● Stored dataset items

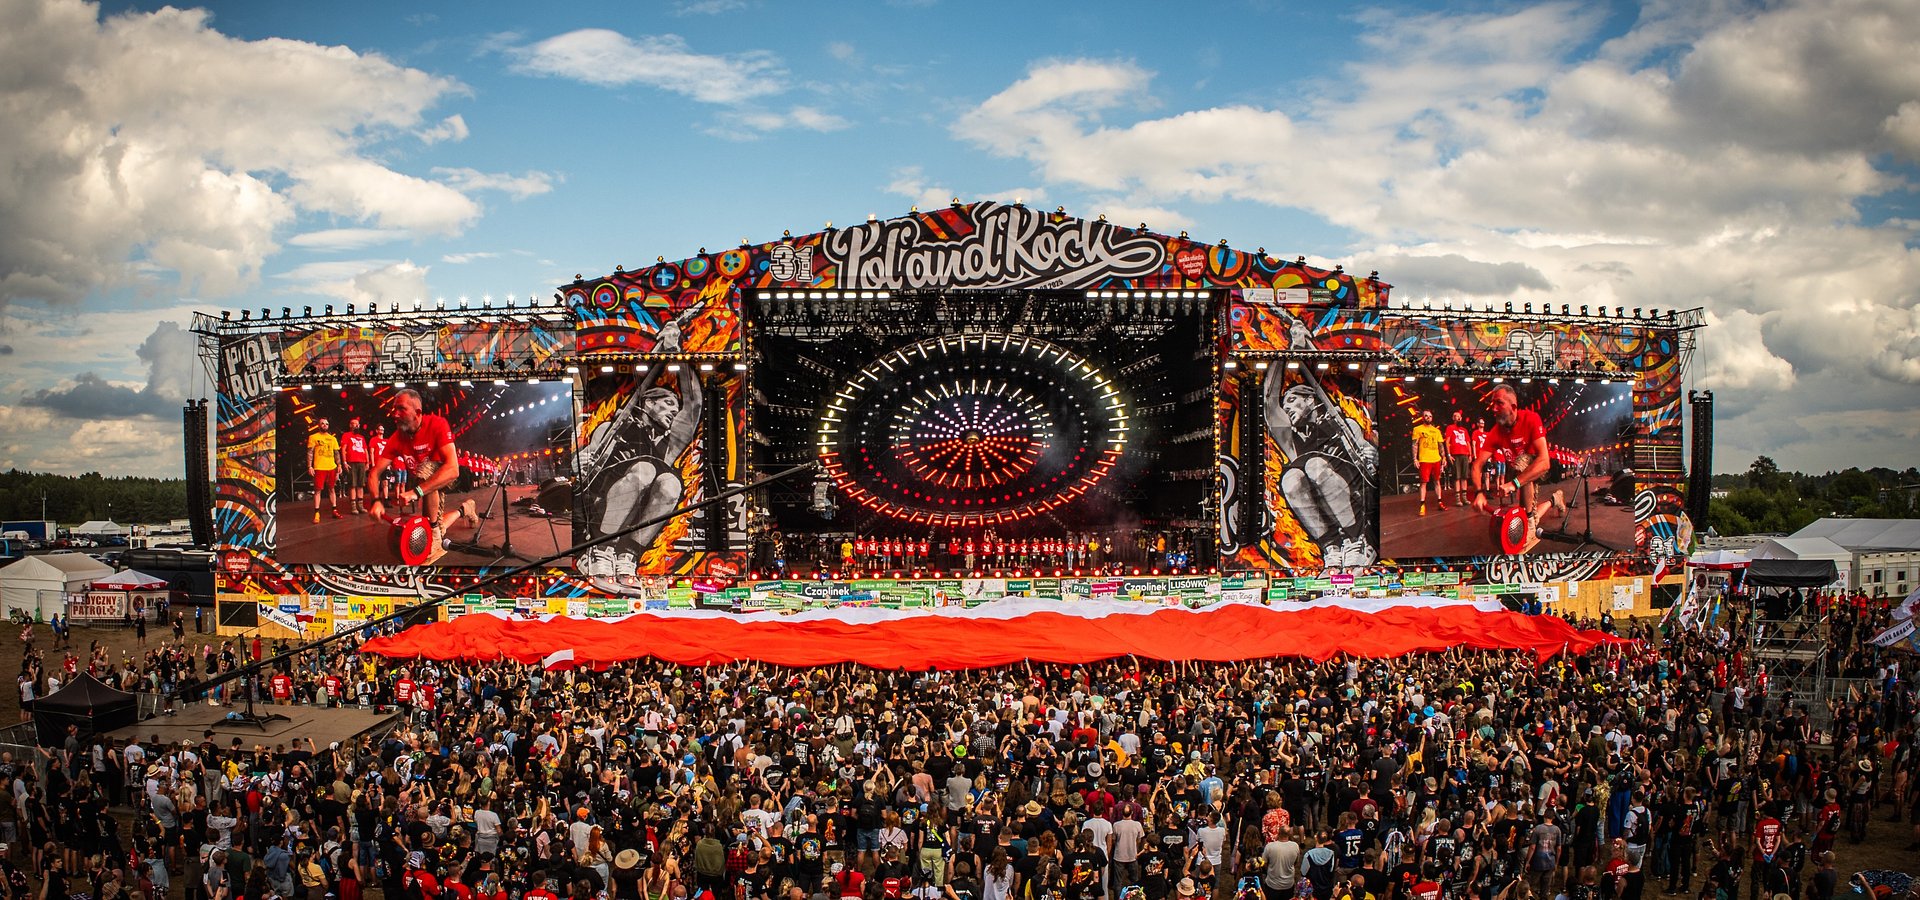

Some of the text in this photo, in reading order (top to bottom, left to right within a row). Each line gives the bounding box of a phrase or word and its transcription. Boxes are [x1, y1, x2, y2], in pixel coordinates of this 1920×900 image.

[771, 245, 814, 282] 31
[225, 335, 279, 375] POL
[381, 331, 438, 372] 31
[1506, 329, 1555, 370] 31
[755, 582, 781, 591] Sosnowiec
[1073, 585, 1089, 594] Piła
[1124, 583, 1167, 592] Czaplinek
[1170, 579, 1208, 589] LUSÓWKO
[804, 586, 850, 598] Czaplinek
[73, 606, 107, 616] PATROL
[1345, 840, 1361, 857] 15
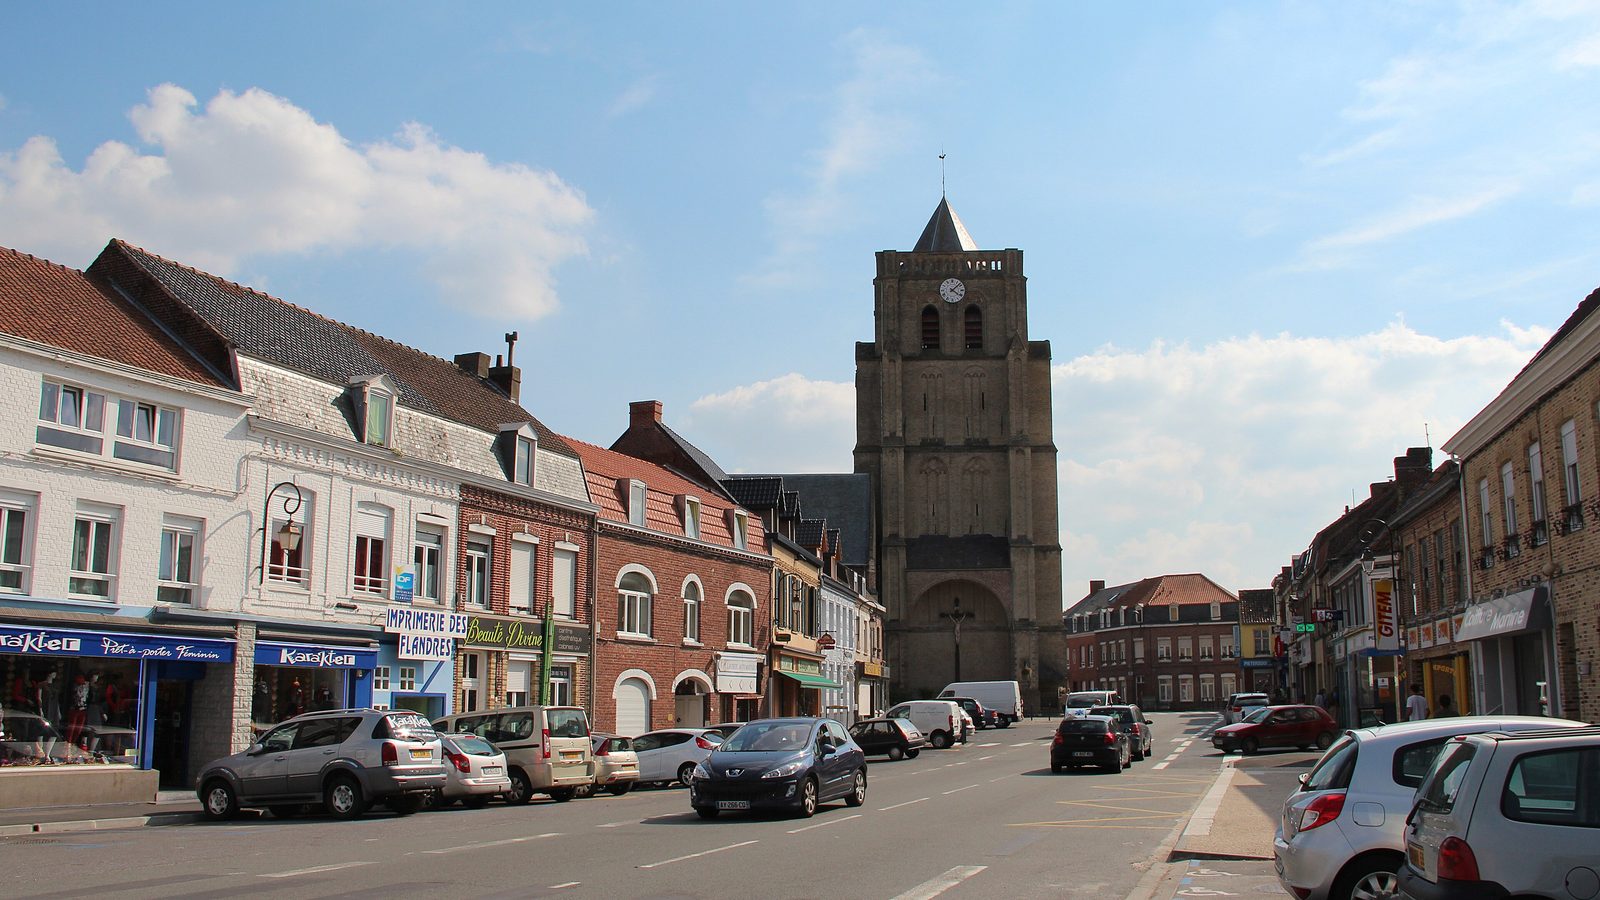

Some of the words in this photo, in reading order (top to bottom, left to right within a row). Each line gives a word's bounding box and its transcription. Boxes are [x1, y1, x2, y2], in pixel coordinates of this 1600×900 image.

[386, 608, 445, 632] IMPRIMERIE
[449, 614, 467, 634] DES
[1376, 591, 1394, 638] GITEM
[463, 617, 503, 646] Beauté
[506, 619, 543, 649] Divine
[176, 645, 220, 659] Féminin
[280, 648, 355, 667] Karakter
[399, 635, 452, 658] FLANDRES

● Aim of the exercise
Set every record down again verbatim, without pictures.

● Result
Some of the text in this photo, in reading order (top to bottom, left to right within a row). Each line gives the bounding box of a phrase or word and its transcription. Boxes are [x1, y1, x2, y2], in pixel coordinates of this 1920×900 image.

[771, 245, 814, 282] 31
[225, 335, 279, 375] POL
[381, 331, 438, 372] 31
[1506, 329, 1555, 370] 31
[755, 582, 781, 591] Sosnowiec
[1073, 585, 1089, 594] Piła
[1124, 583, 1167, 592] Czaplinek
[1170, 579, 1208, 589] LUSÓWKO
[804, 586, 850, 598] Czaplinek
[73, 606, 107, 616] PATROL
[1345, 840, 1361, 857] 15

Some of the words in this photo, in reading order (top to bottom, left to right within a row). Each line gives a word's bounding box and its transcription. Boxes are [x1, y1, x2, y2], in pixel coordinates of this 1600×900 image.

[386, 608, 445, 632] IMPRIMERIE
[449, 614, 467, 634] DES
[1376, 591, 1394, 638] GITEM
[463, 617, 503, 646] Beauté
[506, 619, 543, 649] Divine
[176, 645, 220, 659] Féminin
[280, 648, 355, 667] Karakter
[399, 635, 452, 658] FLANDRES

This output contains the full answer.